Re: Prepared SQL name collision. The name implicitly is truncated by NAMEDATALEN - Mailing list pgsql-bugs

From Julien Rouhaud
Subject Re: Prepared SQL name collision. The name implicitly is truncated by NAMEDATALEN
Date
Msg-id 20230524131532.w44kifs3bbnti6nj@jrouhaud
Whole thread Raw
In response to Re: Prepared SQL name collision. The name implicitly is truncated by NAMEDATALEN  (Alexey Kachalin <kachalin.alexey@gmail.com>)
List pgsql-bugs
Hi,

Please don't top post on this list.

On Wed, May 24, 2023 at 12:40:26PM +0100, Alexey Kachalin wrote:
> 
> I would like to point out that this bug report is not about trucating
> identifiers as mentioned in documentation. The bug is collision, neither
> trucating.
> 
> This is about getting different SQL errors on valid SQL statements.
> The valid SQL produces an error, it is a bug, isn't it?
> If a programmer did something wrong the error appears, I believe in that.
> 
> Please consider an example:
> Run
> 'SELECT 222 as result_1'
> and get the result of '111' because of a collision.
> How should programmers understand the prepared SQL name exceeding length?
> No error, no warning, nothing, just valid sql returns the wrong result.
> 
> If I exceed the limit I would like to get the error related to an issue,
> not just my valid SQL returns something unpredictable.
> Can I get a proper error for identifying issues and fixing?
> Is it expected behaviour that SQL returns corrupt value or error, when a
> prepared SQL statements name has gone beyond limit?

Unless I'm missing something your scenario did raise an error, you just
apparently ignored it and continued, and then eventually got wrong results:

rjuju=# PREPARE aaaaaaaaaabbbbbbbbbbccccccccccddddddddddeeeeeeeeeeffffffffffggg AS
(SELECT 1);
PREPARE

rjuju=# PREPARE aaaaaaaaaabbbbbbbbbbccccccccccddddddddddeeeeeeeeeeffffffffffgggg AS
(SELECT 2);
NOTICE:  42622: identifier "aaaaaaaaaabbbbbbbbbbccccccccccddddddddddeeeeeeeeeeffffffffffgggg" will be truncated to
"aaaaaaaaaabbbbbbbbbbccccccccccddddddddddeeeeeeeeeeffffffffffggg"
ERROR:  42P05: prepared statement "aaaaaaaaaabbbbbbbbbbccccccccccddddddddddeeeeeeeeeeffffffffffggg" already exists

You should have stopped execution here, or at least tried to do something.
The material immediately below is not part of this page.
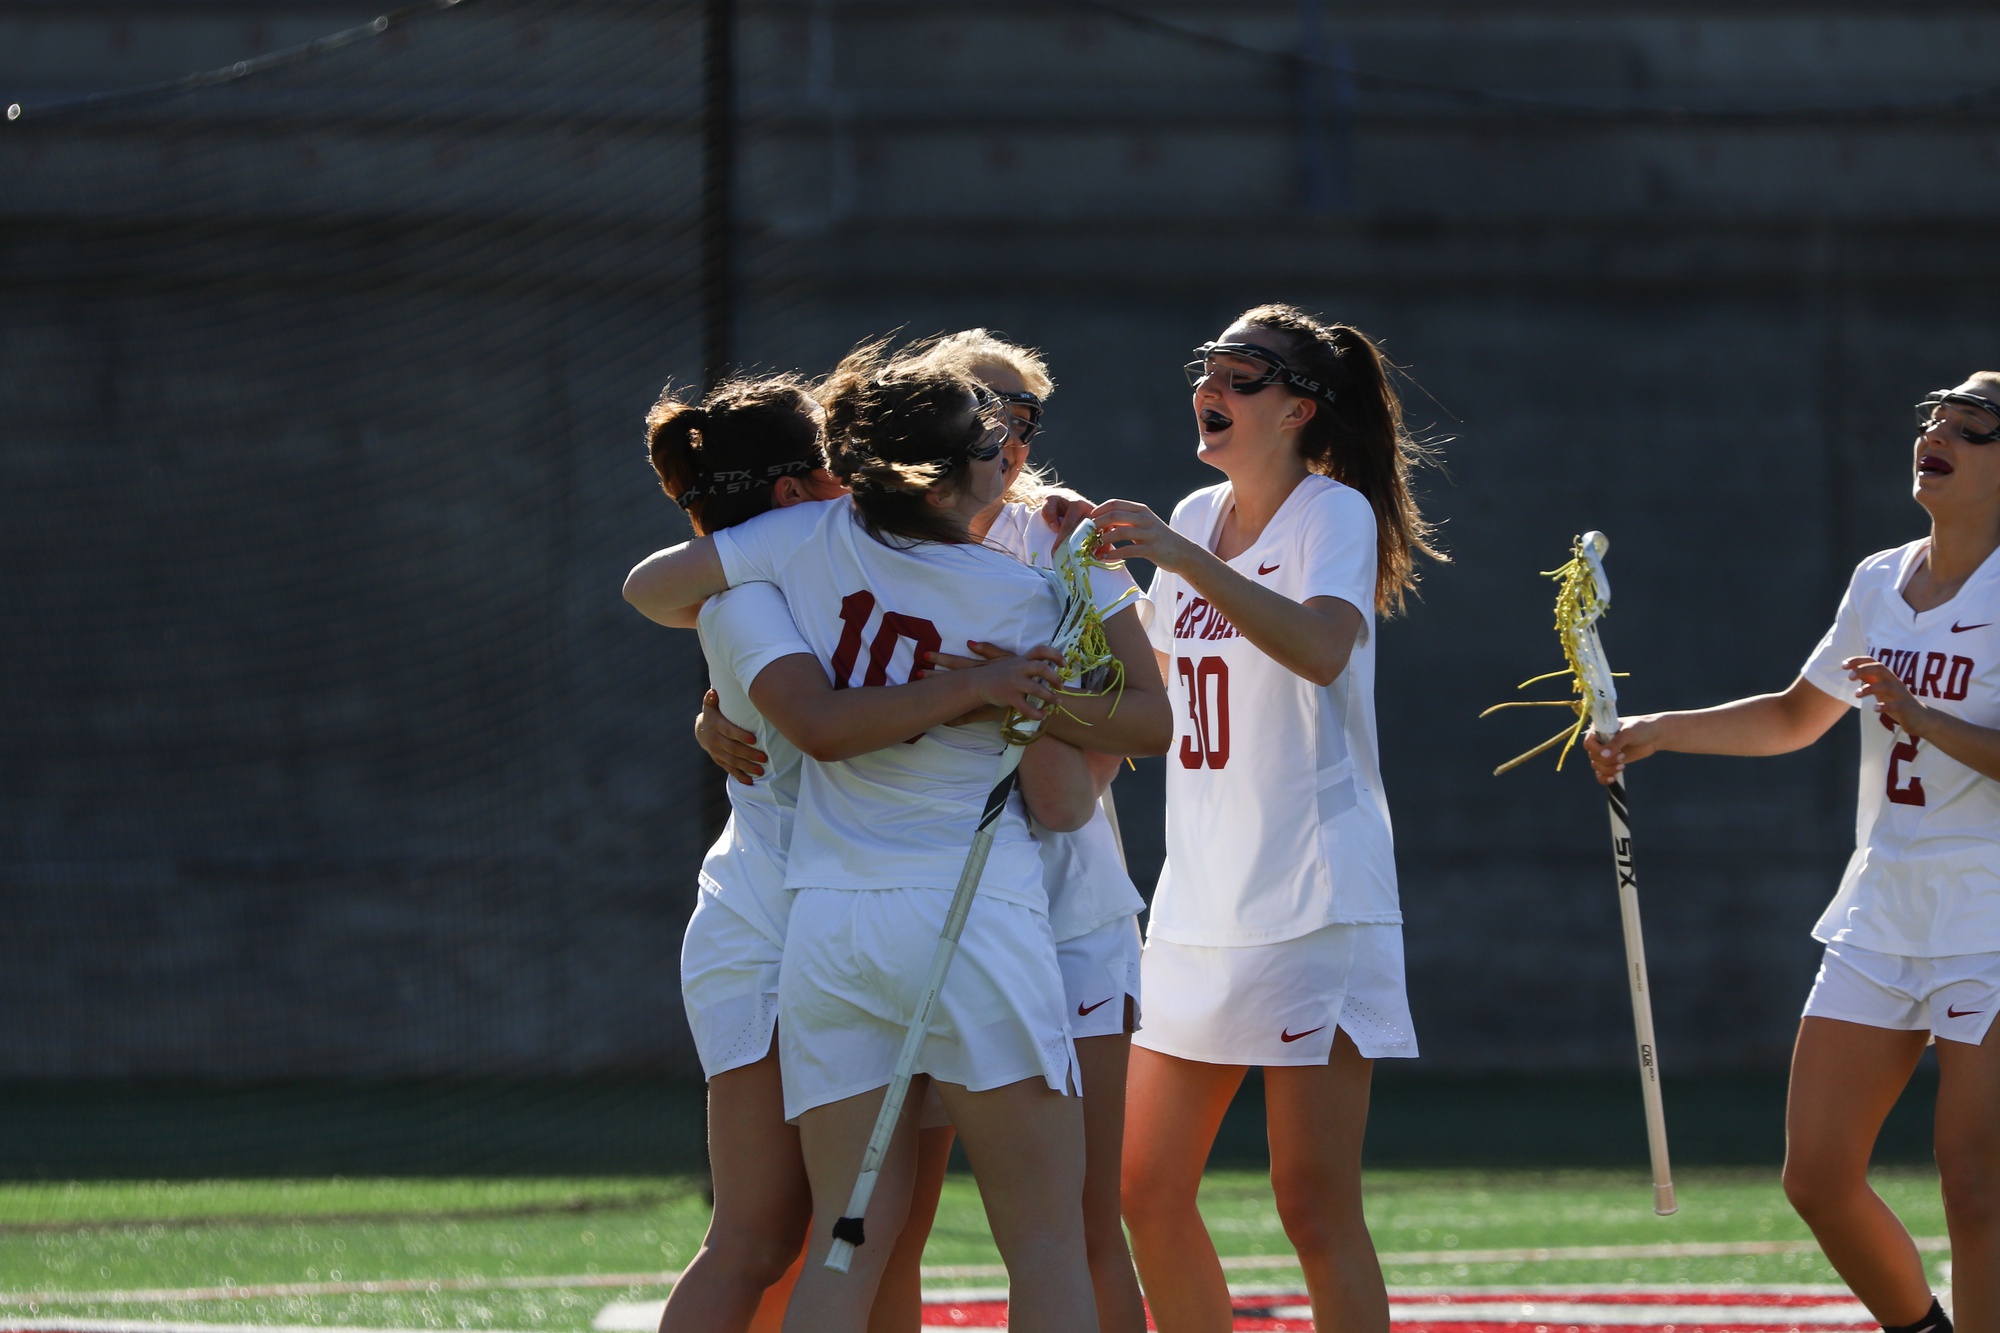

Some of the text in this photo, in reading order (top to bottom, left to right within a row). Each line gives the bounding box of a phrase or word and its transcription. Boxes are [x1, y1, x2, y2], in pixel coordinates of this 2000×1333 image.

You simply can't expect to execute a prepared statements that you haven't
successfully prepared.  The notice does gives you a clue of why it could have
failed, but it could have been something else too.

rjuju=# EXECUTE aaaaaaaaaabbbbbbbbbbccccccccccddddddddddeeeeeeeeeeffffffffffgggg;
NOTICE:  42622: identifier "aaaaaaaaaabbbbbbbbbbccccccccccddddddddddeeeeeeeeeeffffffffffgggg" will be truncated to
"aaaaaaaaaabbbbbbbbbbccccccccccddddddddddeeeeeeeeeeffffffffffggg"

 ?column?
----------
        1
(1 row)

The fact that this execution returned the wrong result rather than error out
isn't really different from say a bug on your code that generates duplicated
names that don't get truncated.  You shouldn't have tried to execute it.